By the way, inaccuracy was found in WTT conditions regarding the maximum speed and the allowed number "Ma". The Ministry of National Defense relied on American standards. Permitted Ma = 0.95, while meeting US MIL standards, and this meant V maximum = 1,050 km / h. To meet this should be Ma = 1.05, i.e. above the speed of sound. As a result, it's a completely different plane.
The development line was divided into four stages;
- Ongoing modernization and improvement of the basic version I-22.
- Based on the I-22 building a reinforced version of the I-22 W and single-seat I-22 WB.
- Development of a development version meeting the WTT conditions in the two-seater I-22 M variant and the one-seater I-22 MB variant.
- Based on the development version of the reconnaissance version of the I-22 R, and based on the I-22 towing version of I-22 H.
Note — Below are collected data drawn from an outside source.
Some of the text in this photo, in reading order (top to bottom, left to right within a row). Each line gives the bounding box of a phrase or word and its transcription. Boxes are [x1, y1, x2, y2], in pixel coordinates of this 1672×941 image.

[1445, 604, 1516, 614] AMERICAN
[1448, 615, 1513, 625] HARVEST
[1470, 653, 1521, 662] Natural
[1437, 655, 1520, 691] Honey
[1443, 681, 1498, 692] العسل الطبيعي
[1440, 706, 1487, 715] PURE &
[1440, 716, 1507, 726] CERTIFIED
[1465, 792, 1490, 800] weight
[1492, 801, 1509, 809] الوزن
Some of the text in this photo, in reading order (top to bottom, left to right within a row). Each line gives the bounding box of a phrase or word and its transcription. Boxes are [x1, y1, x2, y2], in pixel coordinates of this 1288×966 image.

The comparison of terms and costs for the proposed concept must have been a shock to contemporary decision-makers. The imposed dates did not even include the I-22 W version, the implementation of which was noticed the availability of K-15 engines. Version I-22 M would be created five years later than assumed. And so it was optimistic, given the crisis prevailing in Poland, the end of which could not be seen. Interestingly, it came to a good assessment of the costs of individual stages and can be considered real. All on the assumption of no delays. But for now, in the subject 12.05 (PKPW12.05) for 1983-1985, on the subject I-22 M, only 23% of the funds calculated by the interested parties were allocated.
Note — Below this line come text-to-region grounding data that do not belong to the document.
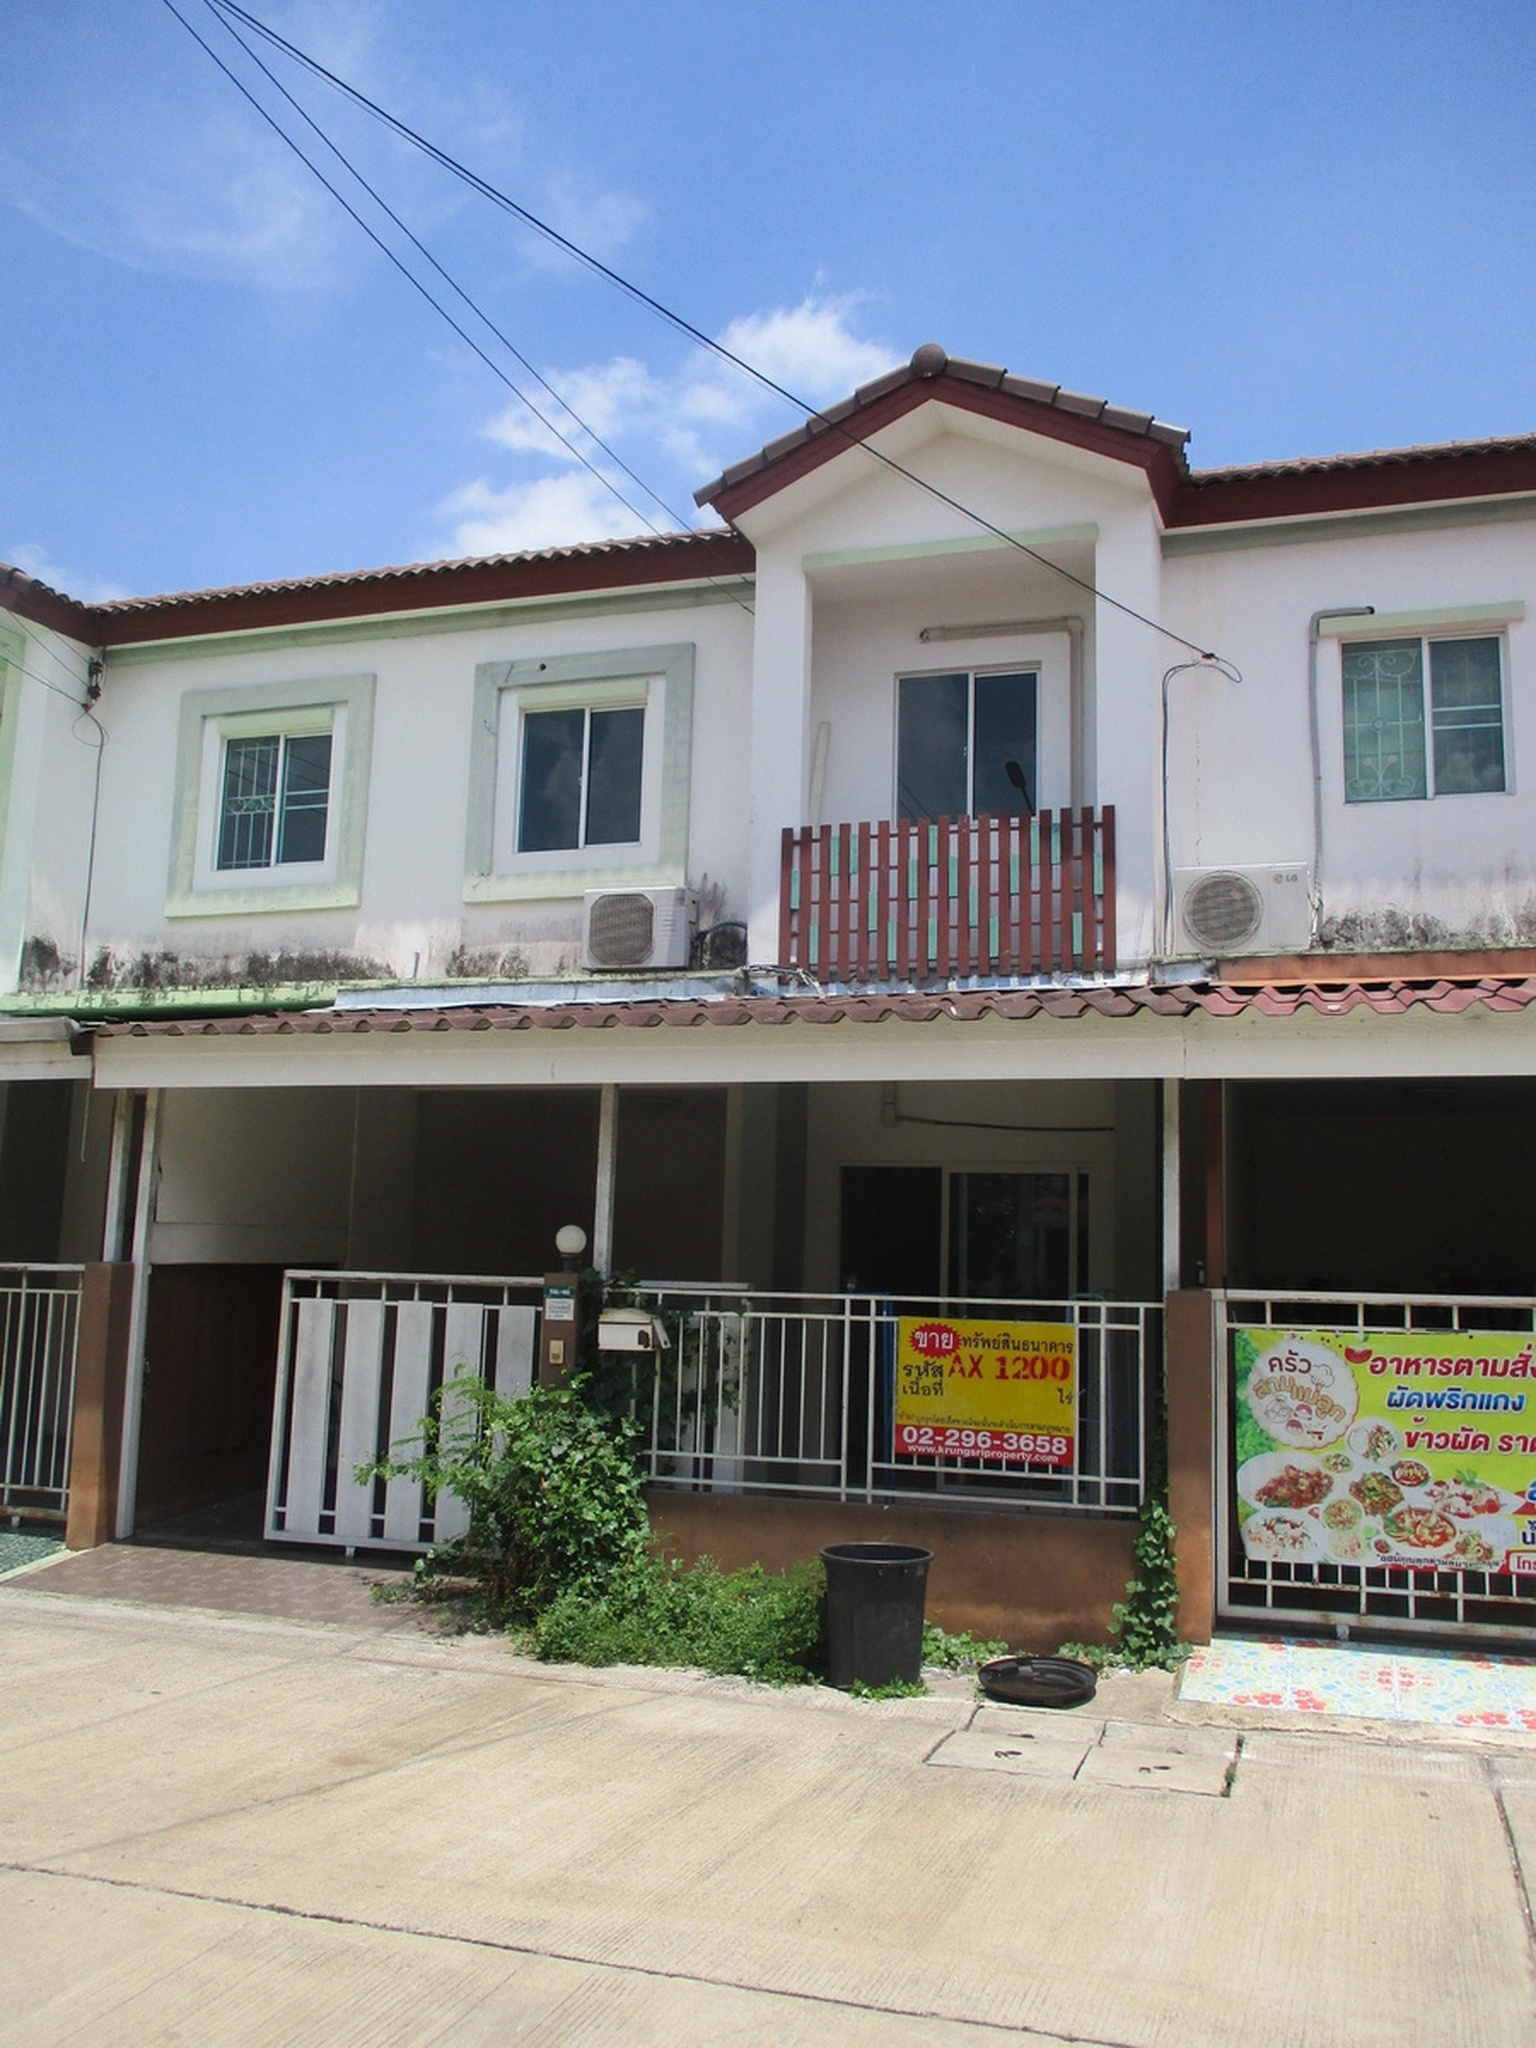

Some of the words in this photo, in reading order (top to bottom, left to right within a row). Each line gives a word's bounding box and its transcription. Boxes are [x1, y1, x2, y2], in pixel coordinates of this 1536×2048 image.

[914, 1330, 954, 1349] ขาย
[962, 1332, 1074, 1354] ทรัพย์สินธนาคาร
[902, 1360, 944, 1378] รหัส
[948, 1353, 984, 1379] AX
[995, 1356, 1072, 1381] 1200
[1268, 1349, 1312, 1374] ครัว
[902, 1377, 944, 1397] เนื้อที่
[1057, 1387, 1074, 1405] ไร่
[1252, 1375, 1347, 1423] สามแม่ลูก
[1386, 1385, 1526, 1412] ผัดพริกแกง
[902, 1425, 1068, 1455] 02-296-3658
[1405, 1416, 1490, 1451] ข้าวผัด
[907, 1444, 1059, 1463] www.krungsriproperty.com
The creators of I-22, learned from experience, assumed several important conditions that were intended to avoid similar problems in the implementation of the subject I-22 M. There were to be tabs of individual stages. Aerodynamic tests, mainly tunnel blowing, should be carried out at the preliminary design stage. They were to provide the basis for the aircraft's geometry. The start of construction of the prototype only after the technical project was closed, and not as it was at I-22 and already in 1983, was very visible.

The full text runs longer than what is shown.